_TO DO_. An exact copy of all the data below is required.

Phrase grounding data:
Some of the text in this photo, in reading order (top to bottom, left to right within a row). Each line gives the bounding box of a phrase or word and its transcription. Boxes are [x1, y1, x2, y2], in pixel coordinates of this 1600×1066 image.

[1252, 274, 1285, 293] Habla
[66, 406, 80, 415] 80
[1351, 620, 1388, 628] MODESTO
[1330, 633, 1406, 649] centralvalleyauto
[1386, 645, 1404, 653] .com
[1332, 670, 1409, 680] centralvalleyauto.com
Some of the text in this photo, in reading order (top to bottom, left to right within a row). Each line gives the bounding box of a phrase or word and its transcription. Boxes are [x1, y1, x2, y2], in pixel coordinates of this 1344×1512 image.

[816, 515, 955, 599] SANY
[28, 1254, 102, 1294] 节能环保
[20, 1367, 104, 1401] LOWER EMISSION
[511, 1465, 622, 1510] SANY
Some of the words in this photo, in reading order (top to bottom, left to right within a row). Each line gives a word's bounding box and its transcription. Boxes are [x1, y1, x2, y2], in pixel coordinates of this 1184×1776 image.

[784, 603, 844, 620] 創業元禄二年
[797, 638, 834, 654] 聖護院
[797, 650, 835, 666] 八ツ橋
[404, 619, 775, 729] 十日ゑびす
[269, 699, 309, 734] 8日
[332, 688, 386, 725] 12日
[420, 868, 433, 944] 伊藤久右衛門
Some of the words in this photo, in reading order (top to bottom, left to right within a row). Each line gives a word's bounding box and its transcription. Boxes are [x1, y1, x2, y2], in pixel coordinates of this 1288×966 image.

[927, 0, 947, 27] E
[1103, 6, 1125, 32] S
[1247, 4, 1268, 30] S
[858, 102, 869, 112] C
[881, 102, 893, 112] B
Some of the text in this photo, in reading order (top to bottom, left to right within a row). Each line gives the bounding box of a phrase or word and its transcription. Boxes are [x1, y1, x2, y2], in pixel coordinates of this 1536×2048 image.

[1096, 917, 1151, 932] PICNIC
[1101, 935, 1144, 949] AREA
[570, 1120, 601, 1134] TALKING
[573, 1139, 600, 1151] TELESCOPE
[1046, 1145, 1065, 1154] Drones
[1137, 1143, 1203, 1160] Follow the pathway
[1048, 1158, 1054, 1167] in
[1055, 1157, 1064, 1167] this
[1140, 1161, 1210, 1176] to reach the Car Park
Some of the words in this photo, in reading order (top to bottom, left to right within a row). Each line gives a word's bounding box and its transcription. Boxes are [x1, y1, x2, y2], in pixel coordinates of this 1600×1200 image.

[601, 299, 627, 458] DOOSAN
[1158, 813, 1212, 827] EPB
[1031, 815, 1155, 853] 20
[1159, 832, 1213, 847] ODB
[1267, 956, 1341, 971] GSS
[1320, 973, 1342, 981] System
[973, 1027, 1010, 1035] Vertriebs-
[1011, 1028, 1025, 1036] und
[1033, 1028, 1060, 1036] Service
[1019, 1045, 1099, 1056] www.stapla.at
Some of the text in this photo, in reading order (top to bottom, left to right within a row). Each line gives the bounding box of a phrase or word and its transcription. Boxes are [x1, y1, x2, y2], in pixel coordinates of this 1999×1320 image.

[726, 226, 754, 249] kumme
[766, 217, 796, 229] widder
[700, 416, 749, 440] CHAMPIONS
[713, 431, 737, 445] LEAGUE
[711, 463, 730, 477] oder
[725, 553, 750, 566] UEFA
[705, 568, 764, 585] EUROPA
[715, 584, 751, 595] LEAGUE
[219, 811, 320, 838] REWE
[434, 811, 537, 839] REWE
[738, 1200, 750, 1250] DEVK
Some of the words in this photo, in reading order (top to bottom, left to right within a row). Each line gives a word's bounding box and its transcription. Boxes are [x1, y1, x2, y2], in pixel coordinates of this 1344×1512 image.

_ANSWER_.
Some of the text in this photo, in reading order (top to bottom, left to right within a row). Each line gives the bounding box of a phrase or word and its transcription. Boxes are [x1, y1, x2, y2], in pixel coordinates of this 1600×1066 image.

[1252, 274, 1285, 293] Habla
[66, 406, 80, 415] 80
[1351, 620, 1388, 628] MODESTO
[1330, 633, 1406, 649] centralvalleyauto
[1386, 645, 1404, 653] .com
[1332, 670, 1409, 680] centralvalleyauto.com
Some of the text in this photo, in reading order (top to bottom, left to right within a row). Each line gives the bounding box of a phrase or word and its transcription. Boxes are [x1, y1, x2, y2], in pixel coordinates of this 1344×1512 image.

[816, 515, 955, 599] SANY
[28, 1254, 102, 1294] 节能环保
[20, 1367, 104, 1401] LOWER EMISSION
[511, 1465, 622, 1510] SANY
Some of the words in this photo, in reading order (top to bottom, left to right within a row). Each line gives a word's bounding box and its transcription. Boxes are [x1, y1, x2, y2], in pixel coordinates of this 1184×1776 image.

[784, 603, 844, 620] 創業元禄二年
[797, 638, 834, 654] 聖護院
[797, 650, 835, 666] 八ツ橋
[404, 619, 775, 729] 十日ゑびす
[269, 699, 309, 734] 8日
[332, 688, 386, 725] 12日
[420, 868, 433, 944] 伊藤久右衛門
Some of the words in this photo, in reading order (top to bottom, left to right within a row). Each line gives a word's bounding box and its transcription. Boxes are [x1, y1, x2, y2], in pixel coordinates of this 1288×966 image.

[927, 0, 947, 27] E
[1103, 6, 1125, 32] S
[1247, 4, 1268, 30] S
[858, 102, 869, 112] C
[881, 102, 893, 112] B
Some of the text in this photo, in reading order (top to bottom, left to right within a row). Each line gives the bounding box of a phrase or word and its transcription. Boxes are [x1, y1, x2, y2], in pixel coordinates of this 1536×2048 image.

[1096, 917, 1151, 932] PICNIC
[1101, 935, 1144, 949] AREA
[570, 1120, 601, 1134] TALKING
[573, 1139, 600, 1151] TELESCOPE
[1046, 1145, 1065, 1154] Drones
[1137, 1143, 1203, 1160] Follow the pathway
[1048, 1158, 1054, 1167] in
[1055, 1157, 1064, 1167] this
[1140, 1161, 1210, 1176] to reach the Car Park
Some of the words in this photo, in reading order (top to bottom, left to right within a row). Each line gives a word's bounding box and its transcription. Boxes are [x1, y1, x2, y2], in pixel coordinates of this 1600×1200 image.

[601, 299, 627, 458] DOOSAN
[1158, 813, 1212, 827] EPB
[1031, 815, 1155, 853] 20
[1159, 832, 1213, 847] ODB
[1267, 956, 1341, 971] GSS
[1320, 973, 1342, 981] System
[973, 1027, 1010, 1035] Vertriebs-
[1011, 1028, 1025, 1036] und
[1033, 1028, 1060, 1036] Service
[1019, 1045, 1099, 1056] www.stapla.at
Some of the text in this photo, in reading order (top to bottom, left to right within a row). Each line gives the bounding box of a phrase or word and its transcription. Boxes are [x1, y1, x2, y2], in pixel coordinates of this 1999×1320 image.

[726, 226, 754, 249] kumme
[766, 217, 796, 229] widder
[700, 416, 749, 440] CHAMPIONS
[713, 431, 737, 445] LEAGUE
[711, 463, 730, 477] oder
[725, 553, 750, 566] UEFA
[705, 568, 764, 585] EUROPA
[715, 584, 751, 595] LEAGUE
[219, 811, 320, 838] REWE
[434, 811, 537, 839] REWE
[738, 1200, 750, 1250] DEVK
Some of the words in this photo, in reading order (top to bottom, left to right within a row). Each line gives a word's bounding box and its transcription. Boxes are [x1, y1, x2, y2], in pixel coordinates of this 1344×1512 image.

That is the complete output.